5614 Posted May 16, 2006 Posted May 16, 2006 Physicists have long been able to slow down and speed up light using different techniques. Now researchers have been able to make light travel backwards. Boyd (a professor of optics) said "Through experiments we were able to see that the pulse inside the fiber was actually moving backward... In this case, as with all fast-light experiments, no information is truly moving faster than light". The findings were published in the May 12 issue of Science. http://www.world-science.net/othernews/060512_lightfrm.htm
SmallIsPower Posted May 24, 2006 Posted May 24, 2006 Does this backwards light have special properties, or is it a parlar trick?
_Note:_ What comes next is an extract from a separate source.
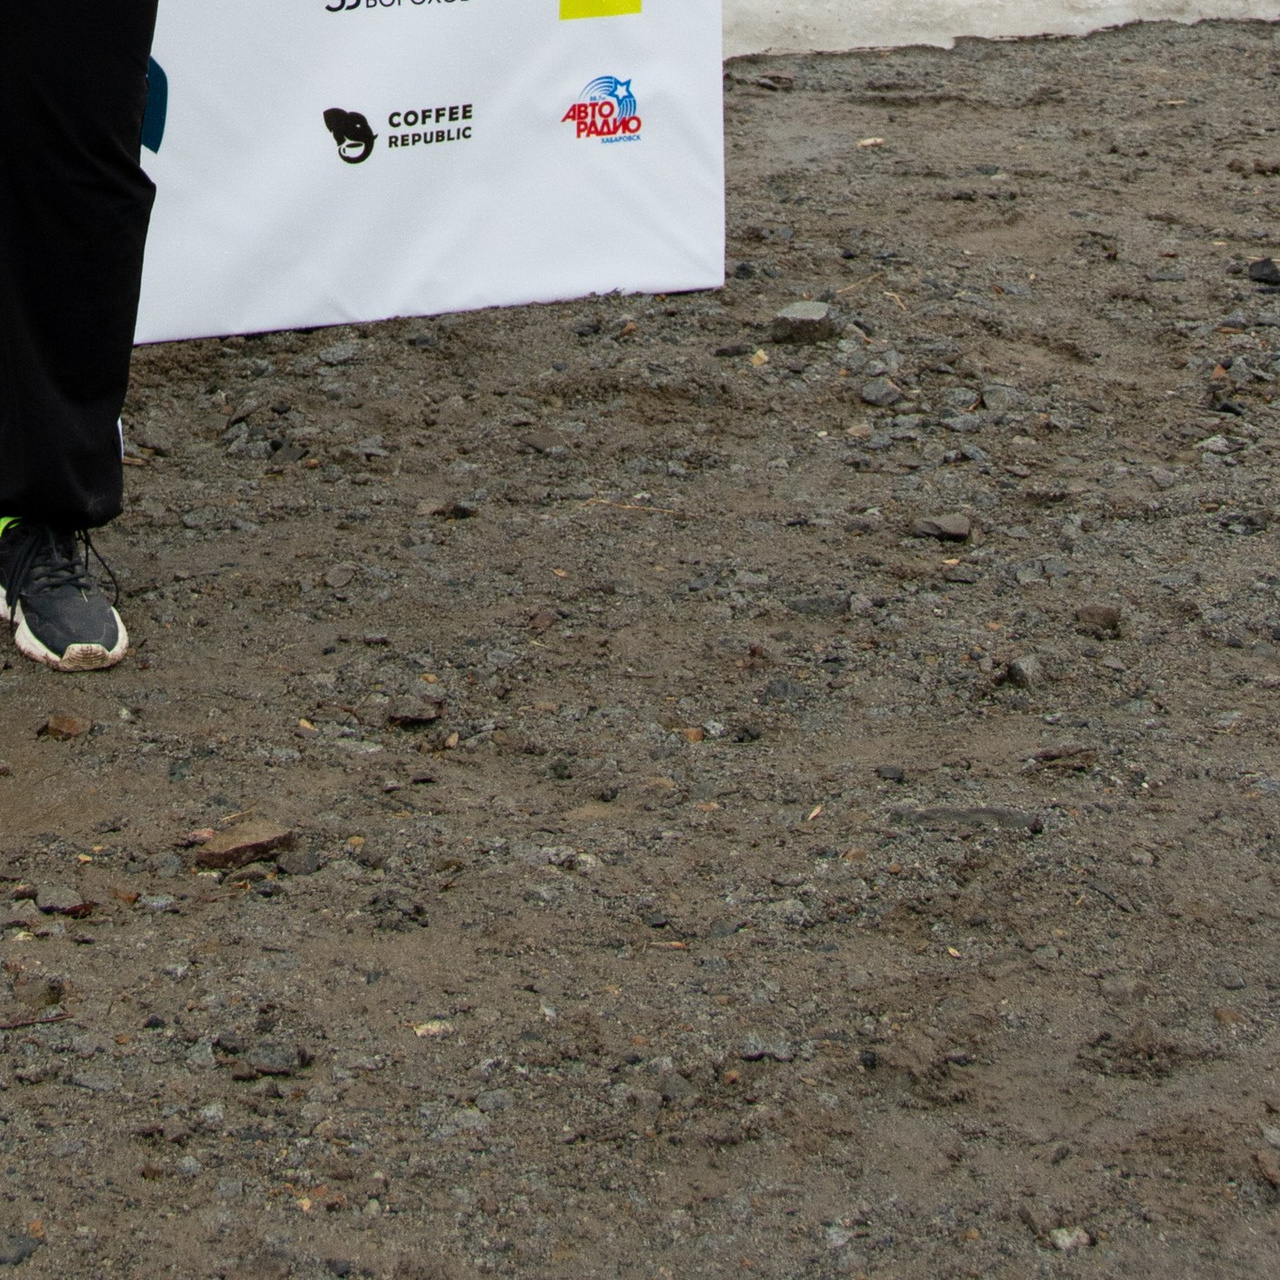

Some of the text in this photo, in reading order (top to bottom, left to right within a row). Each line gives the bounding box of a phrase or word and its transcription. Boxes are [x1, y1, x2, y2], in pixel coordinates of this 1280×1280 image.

If I remmeber second semester physics correctly, light is a packet of an electrical occialation at a right angle with a magnetic occilation, does reversing this (ie changing a 90o to a 270o angle) change anything?
GutZ Posted May 26, 2006 Posted May 26, 2006 It also says: "As if to defy common sense, they say, the backward-moving pulse of light travels faster than light."
mooeypoo Posted May 26, 2006 Posted May 26, 2006 How can anything travel faster than light? And then again.. if light travels quicker than light, it is no longer quicker.. than itself.. bah. This is confusing. ~moo
swansont Posted May 26, 2006 Posted May 26, 2006 Relativity does not say "nothing can travel faster than light." The backward pulse does not violate causality; the information has already reached past where it is, as evidenced by the forward pulse that is further away.